SÃO PAULO, SP (FOLHAPRESS) – O cupuaçu, o pequi, a castanha-do-pará, o tucumã e a stevia são alguns dos produtos encontrados nos biomas brasileiros que estão na mira de uma discussão do movimento indígena sobre apropriação cultural e intelectual.
Neste mês, entidades representativas, entre as quais a Apib (Articulação dos Povos Indígenas do Brasil), elaboraram um documento para ser apresentado na Conferência Diplomática de Genebra, da Ompi (Organização Mundial da Propriedade Intelectual) -entidade de direito internacional público ligada à ONU. O encontro está marcado para o período de 13 a 24 de maio, na Suíça.
De acordo com o documento, matérias-primas encontradas nas florestas são exploradas sem que sejam dados os devidos créditos por melhoramento genético e sem a repartição dos benefícios, descumprindo o protocolo constituído na Convenção n° 169 da OIT (Organização Internacional do Trabalho) sobre povos indígenas e tribais.
“Nossos modos de vida propiciam a criação, desenvolvimento, melhoramento genético, inovações, salvaguarda, manutenção de práticas tradicionais, conhecimentos e recursos genéticos, promovendo a integração e interação humanidade e natureza”, diz trecho do texto.
“Se faz necessário que a comunidade internacional cumpra, proteja, realize investimentos em programas de autoria e protagonizados por povos indígenas e resguarde os direitos de propriedade intelectual dos povos indígenas, com o objetivo de cessar o espólio de nossos direitos e a exploração dos nossos conhecimentos e saberes”, traz outra parte do documento.
Fernanda Kaingang, doutora em propriedade intelectual e patrimônio cultural dos povos indígenas pela Universidade de Leiden (Países Baixos), participará da entrega e defesa do documento na Conferência de Genebra, representando os povos originários do Brasil.
O principal objetivo da entrega do documento, segundo ela, é torná-lo um instrumento internacional, que seja base para aos Estados-membros da ONU. A proposta foi baseada na lei brasileira de biodiversidade (nº 13.123/2015), que reconhece o patrimônio genético, o conhecimento tradicional associado e o acesso ao patrimônio genético e ao conhecimento tradicional associado.
No âmbito internacional, o instrumento seria utilizado para requerer aos países que reconheçam o patrimônio genético e o conhecimento tradicional associado dos povos originários, com possível adoção de sanções e reparação de benefícios.
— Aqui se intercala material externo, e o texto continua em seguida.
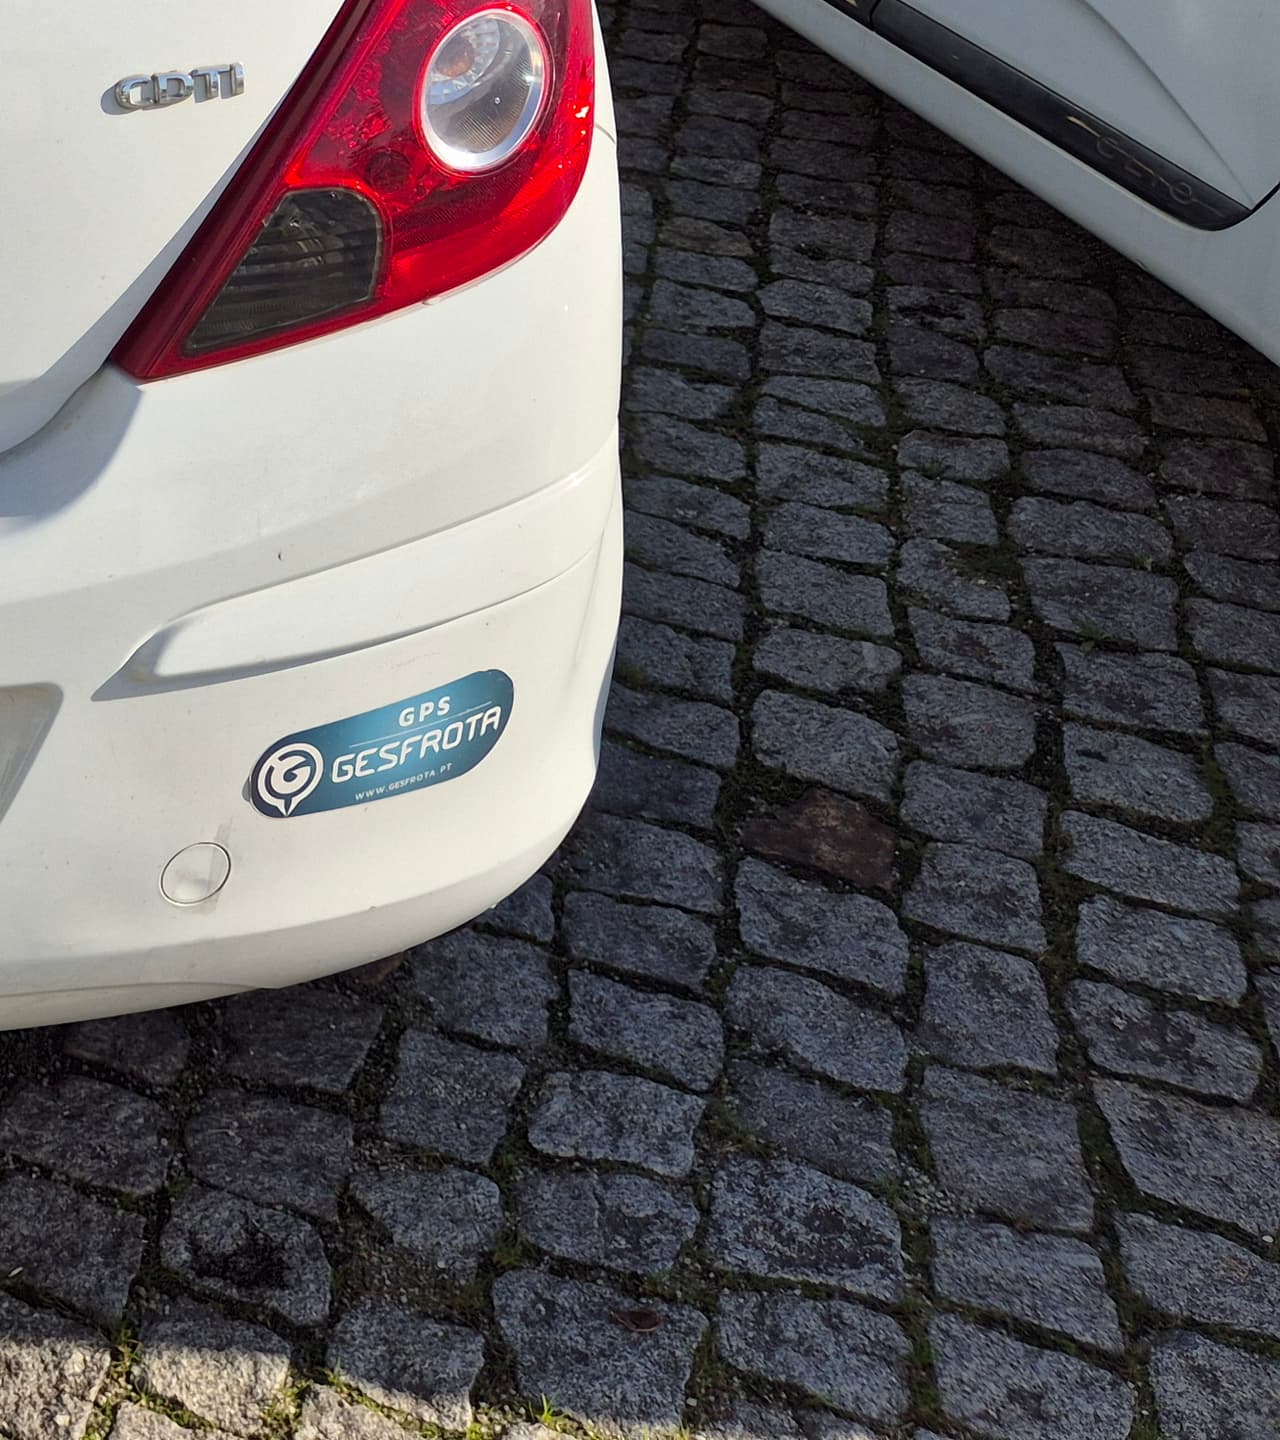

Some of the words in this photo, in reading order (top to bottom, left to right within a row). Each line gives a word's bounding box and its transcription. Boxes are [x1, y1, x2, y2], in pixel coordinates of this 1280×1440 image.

De acordo com Kaingang, o Brasil será, provavelmente, o Estado presidente da conferência, o que reforçaria um diálogo a cerca do assunto.
Durante a programação do ATL (Acampamento Terra Livre), maior mobilização indígena do país, que aconteceu de 22 a 26 deste mês, em Brasília, Kaingang apresentou a proposta na plenária principal e recolheu assinaturas de lideranças dos povos originários para serem apresentadas na Conferência de Genebra.
Segundo ela, os guaranis foram os responsáveis pelo melhoramento genético da “ka’a he’e”, também conhecida como stevia (adoçante natural extraído de uma planta), que era usado pelos povos ancestrais. Atualmente, o produto é alvo de uma disputa por propriedade intelectual entre indígenas brasileiros e paraguaios contra multinacionais dos segmentos de refrigerantes e dietéticos.
“Os direitos de propriedade intelectual, que são válidos no cenário nacional, não têm uma regulamentação internacional de proteção a conhecimentos tradicionais e de repartição dos benefícios, dos lucros, utilizando os nossos conhecimentos”, disse ela.
Kaingang, que também é diretora do Museu Nacional dos Povos Indígenas, promoveu do dia 8 ao dia 10 deste mês no Rio de Janeiro um seminário no qual povos indígenas dos seis biomas brasileiros contribuíram para a elaboração do documento.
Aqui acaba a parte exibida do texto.